Implications and opportunities for AI implementation in diagnostic medical imaging formulated in workshop report published in the journal, Radiology
Radiologists train for years to attain the skills to interpret subtle and not-so-subtle distinctions in medical images. Artificial intelligence (AI) is poised to make profound impact on their efforts, assisting human experts with computer-powered algorithms to recognize anatomical anomalies, enhance interpretation, and improve classification of medical imaging results.
In August 2018, experts in medical imaging participated in a workshop at NIH in Bethesda, Md., to explore the future of AI in medical imaging. The workshop was organized by the National Institute of Biomedical Imaging and Bioengineering (NIBIB) and co-sponsored by NIH, the Radiological Society of North America (RSNA), the American College of Radiology (ACR), and the Academy for Radiology and Biomedical Imaging Research (The Academy). A foundational research roadmap for AI in medical imaging was published April 16, 2019, as a special report in the journal Radiology.
The collaborative report underscores the commitment by standards bodies, professional societies, governmental agencies, and private industry to work together to accomplish a set of shared goals in service of patients, who stand to benefit from the potential of AI to bring about innovative imaging technologies.

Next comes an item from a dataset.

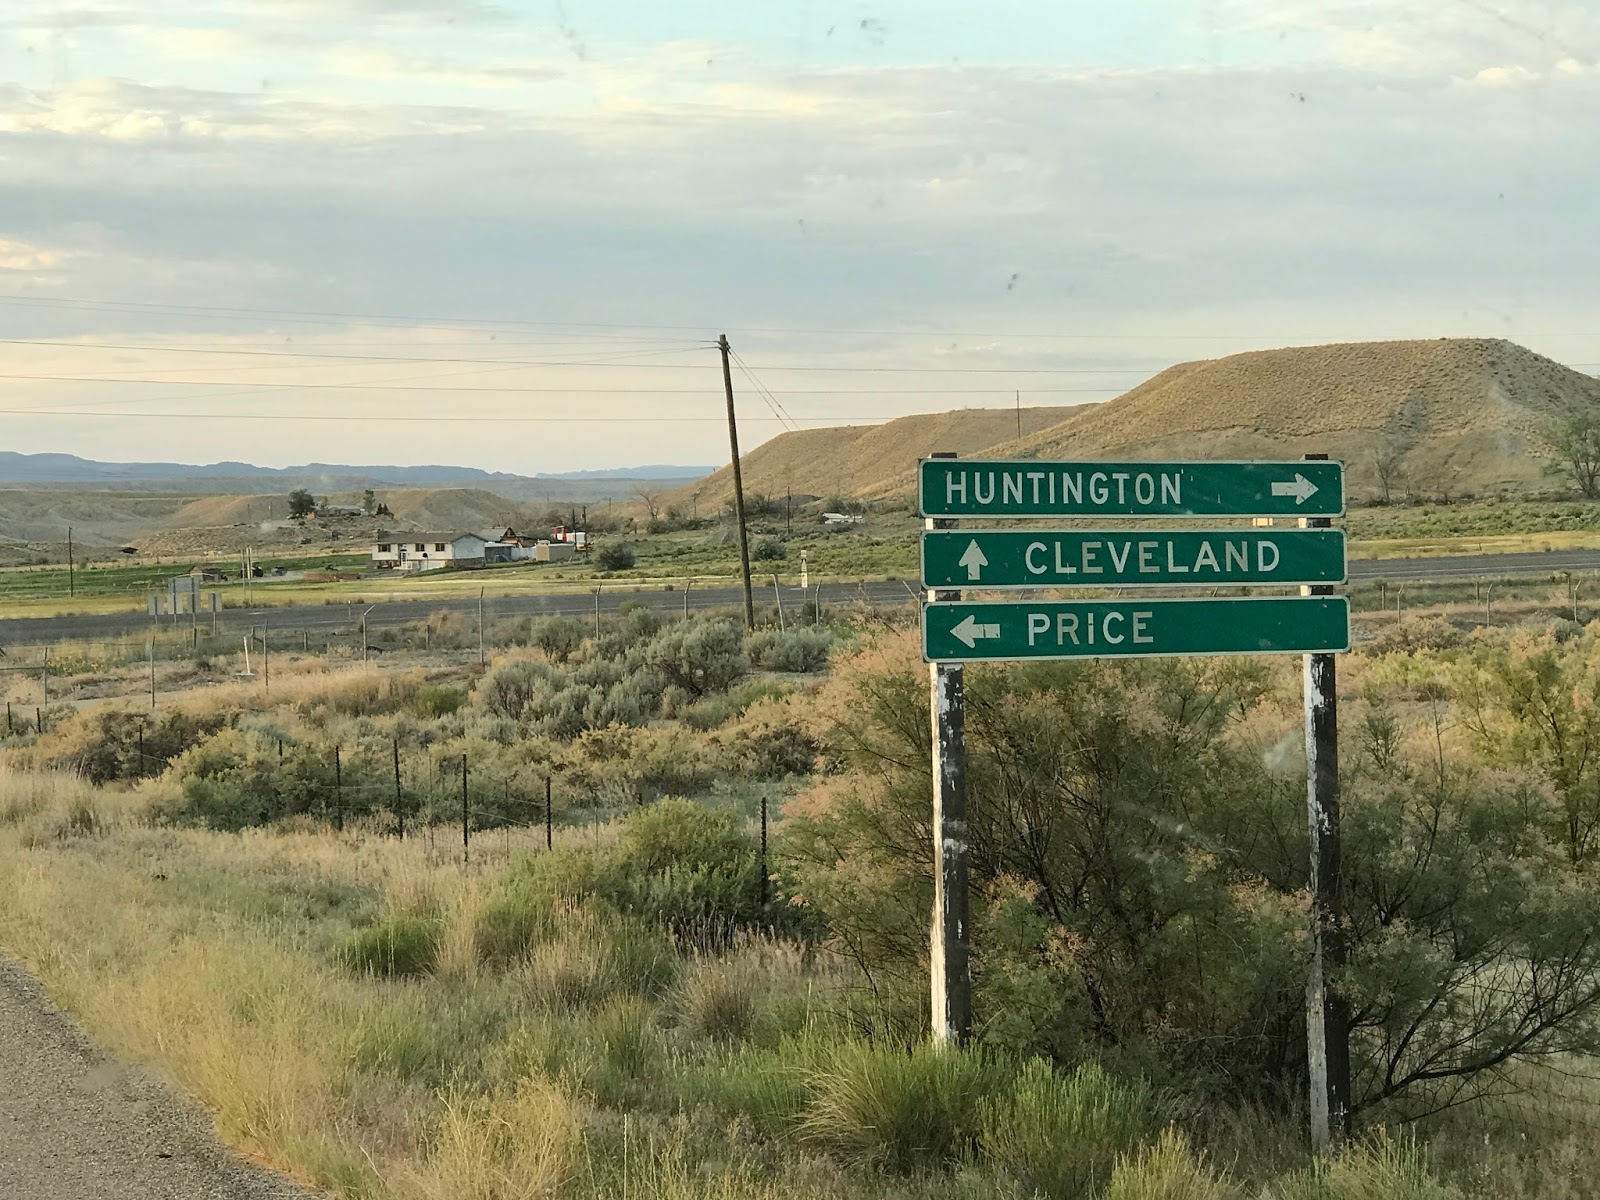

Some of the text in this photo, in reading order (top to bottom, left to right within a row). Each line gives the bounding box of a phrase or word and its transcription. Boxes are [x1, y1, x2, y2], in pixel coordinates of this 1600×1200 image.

[946, 471, 1182, 505] HUNTINGTON
[1025, 541, 1280, 574] CLEVELAND
[1027, 611, 1154, 646] PRICE

“Artificial intelligence applications promise to enhance every stage of medical imaging, from image creation, to augmenting image interpretation, to improving workflow and communication with non-imagers and patients,” said Kris Kandarpa, M.D., Ph.D., director of research sciences and strategic directions at NIBIB, and senior author of the reports. “It was essential for NIBIB to organize this workshop on behalf of the NIH and with eminent medical imaging groups to create a research roadmap that will enable deployment of AI advances in medical imaging across the nation.”

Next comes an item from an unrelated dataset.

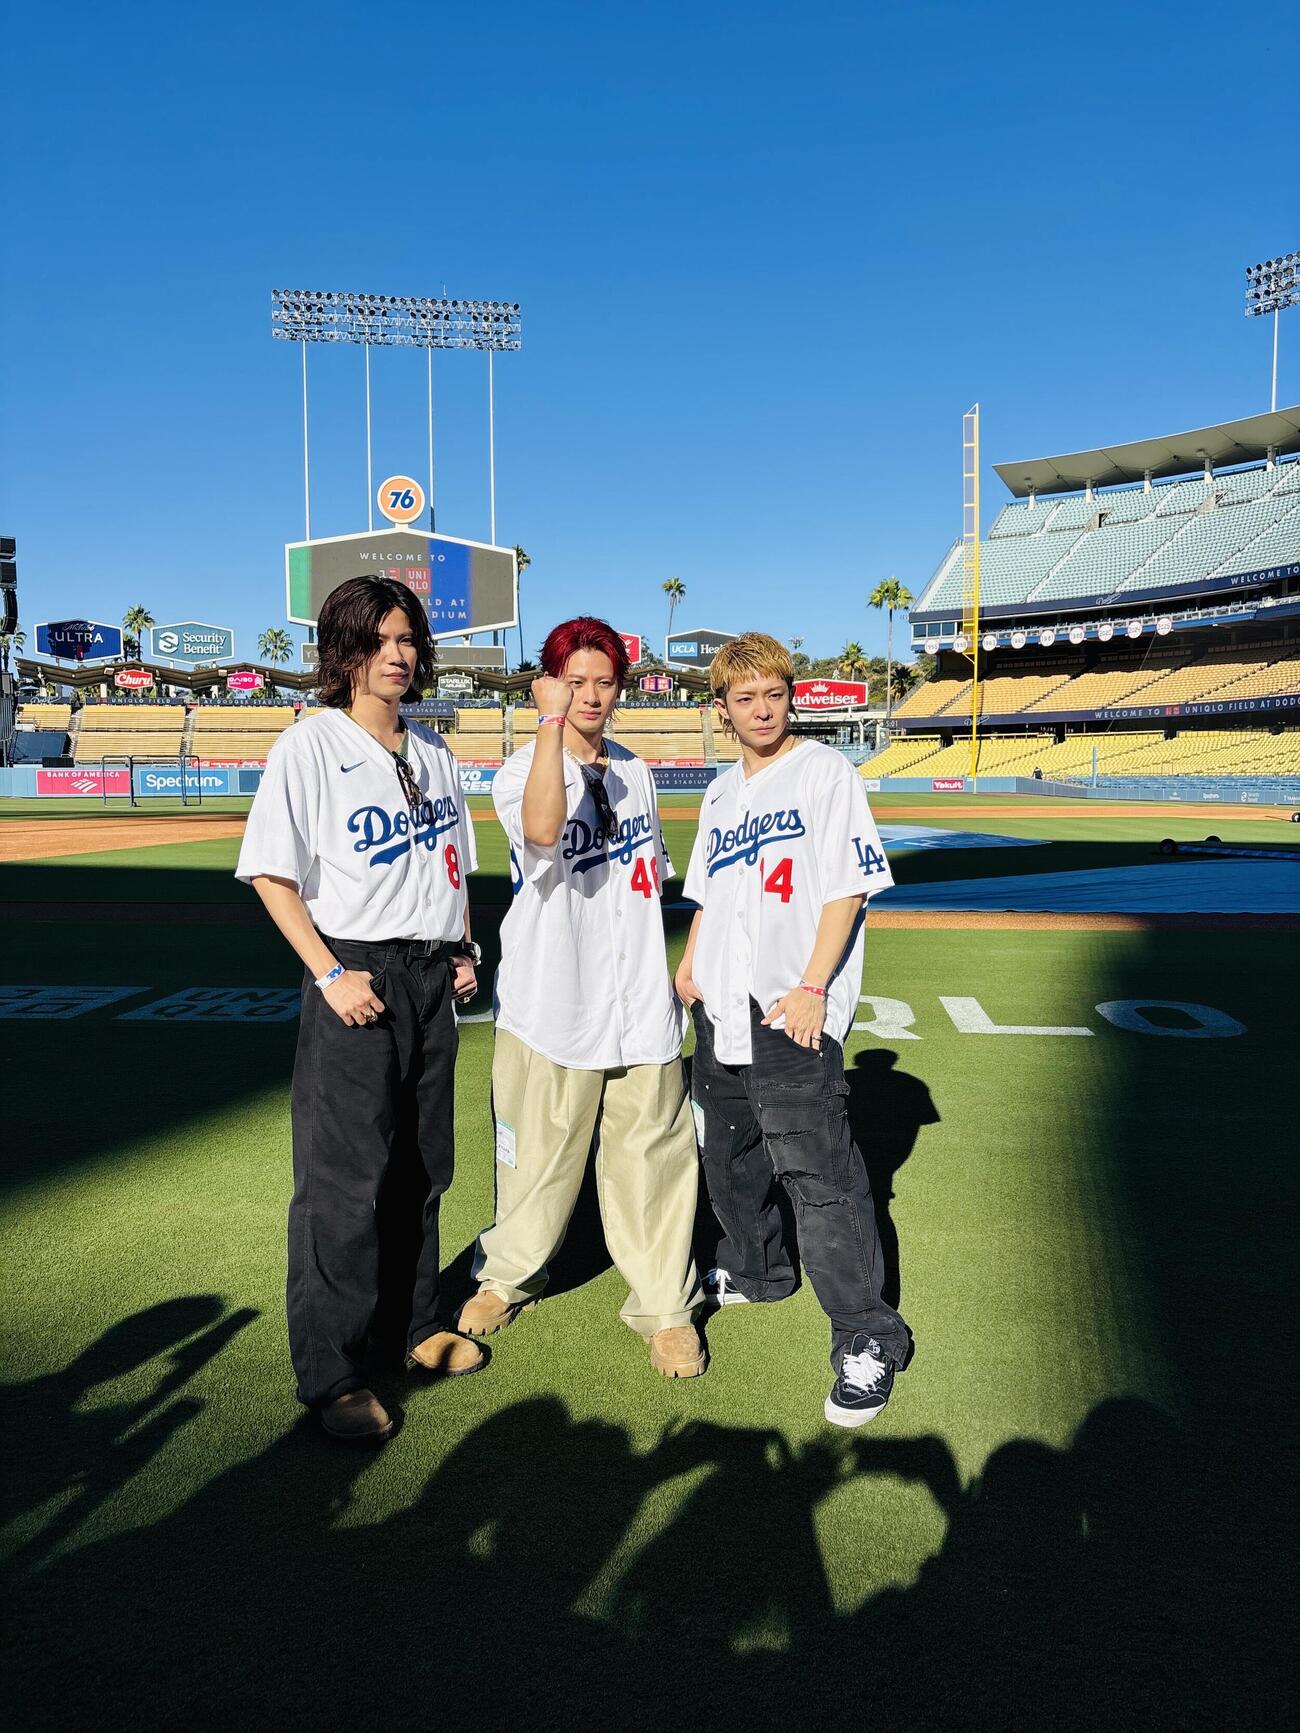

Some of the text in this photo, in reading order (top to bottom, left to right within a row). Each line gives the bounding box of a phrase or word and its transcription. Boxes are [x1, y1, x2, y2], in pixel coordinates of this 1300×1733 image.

“The scientific challenges and opportunities of AI in medical Imaging are profound, but quite different from those facing AI generally,” said co-author, Curtis P. Langlotz, M.D., Ph.D. “Our goal was to provide a blueprint for professional societies, funding agencies, research labs, and everyone else working in the field to accelerate research toward AI innovations that benefit patients,” Dr. Langlotz is a professor of radiology and biomedical informatics, director of the Center for Artificial Intelligence in Medicine and Imaging, and associate chair for information systems in the Department of Radiology at Stanford University, and RSNA Board Liaison for Information Technology and Annual Meeting.
“We all appreciate NIBIB hosting this important event,” said Bibb Allen, MD, workshop co-chair and chief Medical Officer of the ACR Data Science Institute. “The workshop was a great opportunity for the radiology community to come together to discuss the needs and challenges for AI research facing our specialty and develop a roadmap for future foundational and translational research activity in medical imaging.”
“The workshop expanded our collective knowledge about the potential utility for Artificial Intelligence to improve the efficiency and accuracy of diagnostic systems,” said Steven E. Seltzer, M.D., FACR, Radiology Department Chair Emeritus, Brigham and Women’s Hospital; Distinguished Cook Professor of Radiology, Harvard Medical School; and Health and Science Policy Fellow of The Academy. “If the need for precision diagnosis in the future requires collation of images from radiology, pathology and ‘omics’ systems into a diagnostic cockpit, the human observer will need considerable help from computers to extract optimum information from multiple, disparate sources. AI can be a key ingredient in this process.”
The report describes innovations that would help to produce more publicly available, validated and reusable data sets against which to evaluate new algorithms and techniques, noting that to be useful for machine learning these data sets require methods to rapidly create labeled or annotated imaging data. The roadmap of priorities for AI in medical imaging research includes:
- new image reconstruction methods that efficiently produce images suitable for human interpretation from source data,
- automated image labeling and annotation methods, including information extraction from the imaging report, electronic phenotyping, and prospective structured image reporting,• new machine learning methods for clinical imaging data, such as tailored, pre-trained model architectures, and distributed machine learning methods,
- machine learning methods that can explain the advice they provide to human users (so-called explainable artificial intelligence), and
- validated methods for image de-identification and data sharing to facilitate wide availability of clinical imaging data sets.
Article reference: Langlotz, CP, et al. A Roadmap for Foundational Research on Artificial Intelligence in Medical Imaging: From the 2018 NIH/RSNA/ACR/The Academy Workshop. Radiology. April 16, 2019.